What is needed is an exact transcription of every record.

=== MATERIAL FOR THIS TASK ===

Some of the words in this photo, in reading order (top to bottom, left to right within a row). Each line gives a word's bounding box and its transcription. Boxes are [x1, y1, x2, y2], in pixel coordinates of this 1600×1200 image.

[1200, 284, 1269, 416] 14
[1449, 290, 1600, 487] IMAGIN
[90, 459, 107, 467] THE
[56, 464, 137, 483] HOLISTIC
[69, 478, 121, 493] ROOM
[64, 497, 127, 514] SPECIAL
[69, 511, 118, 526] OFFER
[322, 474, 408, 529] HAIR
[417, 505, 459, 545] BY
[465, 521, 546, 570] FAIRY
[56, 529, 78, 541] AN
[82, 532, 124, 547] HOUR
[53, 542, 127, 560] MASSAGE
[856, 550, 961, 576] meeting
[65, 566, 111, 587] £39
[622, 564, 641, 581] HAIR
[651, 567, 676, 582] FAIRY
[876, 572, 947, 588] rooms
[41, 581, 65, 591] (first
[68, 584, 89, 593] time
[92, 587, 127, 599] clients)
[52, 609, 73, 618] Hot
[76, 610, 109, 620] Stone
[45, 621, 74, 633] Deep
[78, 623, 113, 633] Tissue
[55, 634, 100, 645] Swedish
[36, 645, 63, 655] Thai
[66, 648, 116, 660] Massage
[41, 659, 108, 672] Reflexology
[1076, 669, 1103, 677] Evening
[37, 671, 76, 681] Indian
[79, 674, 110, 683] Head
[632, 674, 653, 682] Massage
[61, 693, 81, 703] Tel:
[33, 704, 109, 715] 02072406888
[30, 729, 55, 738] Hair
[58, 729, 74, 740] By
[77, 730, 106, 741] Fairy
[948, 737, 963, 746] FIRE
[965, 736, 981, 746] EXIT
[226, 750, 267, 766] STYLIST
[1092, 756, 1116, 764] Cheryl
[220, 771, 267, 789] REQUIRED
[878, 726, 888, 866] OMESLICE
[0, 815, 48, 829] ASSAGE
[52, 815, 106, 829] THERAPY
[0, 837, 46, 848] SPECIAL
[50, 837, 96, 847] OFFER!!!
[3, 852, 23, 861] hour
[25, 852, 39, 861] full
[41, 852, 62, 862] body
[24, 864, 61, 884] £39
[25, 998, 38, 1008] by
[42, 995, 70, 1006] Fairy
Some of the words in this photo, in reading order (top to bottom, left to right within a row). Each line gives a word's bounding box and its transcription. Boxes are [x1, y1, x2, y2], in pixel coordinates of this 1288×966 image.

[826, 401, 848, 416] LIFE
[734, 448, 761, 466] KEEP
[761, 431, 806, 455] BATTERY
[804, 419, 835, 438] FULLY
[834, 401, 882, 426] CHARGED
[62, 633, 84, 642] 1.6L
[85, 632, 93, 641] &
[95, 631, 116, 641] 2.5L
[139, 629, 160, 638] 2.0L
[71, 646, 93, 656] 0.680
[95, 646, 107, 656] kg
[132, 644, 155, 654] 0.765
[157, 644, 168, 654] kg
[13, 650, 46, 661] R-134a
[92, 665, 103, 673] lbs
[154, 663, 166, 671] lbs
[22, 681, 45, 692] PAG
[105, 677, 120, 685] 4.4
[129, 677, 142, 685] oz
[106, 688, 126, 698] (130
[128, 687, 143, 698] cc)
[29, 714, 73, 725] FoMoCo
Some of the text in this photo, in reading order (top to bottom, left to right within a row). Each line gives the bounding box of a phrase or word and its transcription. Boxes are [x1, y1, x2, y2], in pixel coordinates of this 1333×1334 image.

===

■ **ANSWER SPACE**
Some of the words in this photo, in reading order (top to bottom, left to right within a row). Each line gives a word's bounding box and its transcription. Boxes are [x1, y1, x2, y2], in pixel coordinates of this 1600×1200 image.

[1200, 284, 1269, 416] 14
[1449, 290, 1600, 487] IMAGIN
[90, 459, 107, 467] THE
[56, 464, 137, 483] HOLISTIC
[69, 478, 121, 493] ROOM
[64, 497, 127, 514] SPECIAL
[69, 511, 118, 526] OFFER
[322, 474, 408, 529] HAIR
[417, 505, 459, 545] BY
[465, 521, 546, 570] FAIRY
[56, 529, 78, 541] AN
[82, 532, 124, 547] HOUR
[53, 542, 127, 560] MASSAGE
[856, 550, 961, 576] meeting
[65, 566, 111, 587] £39
[622, 564, 641, 581] HAIR
[651, 567, 676, 582] FAIRY
[876, 572, 947, 588] rooms
[41, 581, 65, 591] (first
[68, 584, 89, 593] time
[92, 587, 127, 599] clients)
[52, 609, 73, 618] Hot
[76, 610, 109, 620] Stone
[45, 621, 74, 633] Deep
[78, 623, 113, 633] Tissue
[55, 634, 100, 645] Swedish
[36, 645, 63, 655] Thai
[66, 648, 116, 660] Massage
[41, 659, 108, 672] Reflexology
[1076, 669, 1103, 677] Evening
[37, 671, 76, 681] Indian
[79, 674, 110, 683] Head
[632, 674, 653, 682] Massage
[61, 693, 81, 703] Tel:
[33, 704, 109, 715] 02072406888
[30, 729, 55, 738] Hair
[58, 729, 74, 740] By
[77, 730, 106, 741] Fairy
[948, 737, 963, 746] FIRE
[965, 736, 981, 746] EXIT
[226, 750, 267, 766] STYLIST
[1092, 756, 1116, 764] Cheryl
[220, 771, 267, 789] REQUIRED
[878, 726, 888, 866] OMESLICE
[0, 815, 48, 829] ASSAGE
[52, 815, 106, 829] THERAPY
[0, 837, 46, 848] SPECIAL
[50, 837, 96, 847] OFFER!!!
[3, 852, 23, 861] hour
[25, 852, 39, 861] full
[41, 852, 62, 862] body
[24, 864, 61, 884] £39
[25, 998, 38, 1008] by
[42, 995, 70, 1006] Fairy
Some of the words in this photo, in reading order (top to bottom, left to right within a row). Each line gives a word's bounding box and its transcription. Boxes are [x1, y1, x2, y2], in pixel coordinates of this 1288×966 image.

[826, 401, 848, 416] LIFE
[734, 448, 761, 466] KEEP
[761, 431, 806, 455] BATTERY
[804, 419, 835, 438] FULLY
[834, 401, 882, 426] CHARGED
[62, 633, 84, 642] 1.6L
[85, 632, 93, 641] &
[95, 631, 116, 641] 2.5L
[139, 629, 160, 638] 2.0L
[71, 646, 93, 656] 0.680
[95, 646, 107, 656] kg
[132, 644, 155, 654] 0.765
[157, 644, 168, 654] kg
[13, 650, 46, 661] R-134a
[92, 665, 103, 673] lbs
[154, 663, 166, 671] lbs
[22, 681, 45, 692] PAG
[105, 677, 120, 685] 4.4
[129, 677, 142, 685] oz
[106, 688, 126, 698] (130
[128, 687, 143, 698] cc)
[29, 714, 73, 725] FoMoCo
Some of the text in this photo, in reading order (top to bottom, left to right within a row). Each line gives the bounding box of a phrase or word and its transcription. Boxes are [x1, y1, x2, y2], in pixel coordinates of this 1333×1334 image.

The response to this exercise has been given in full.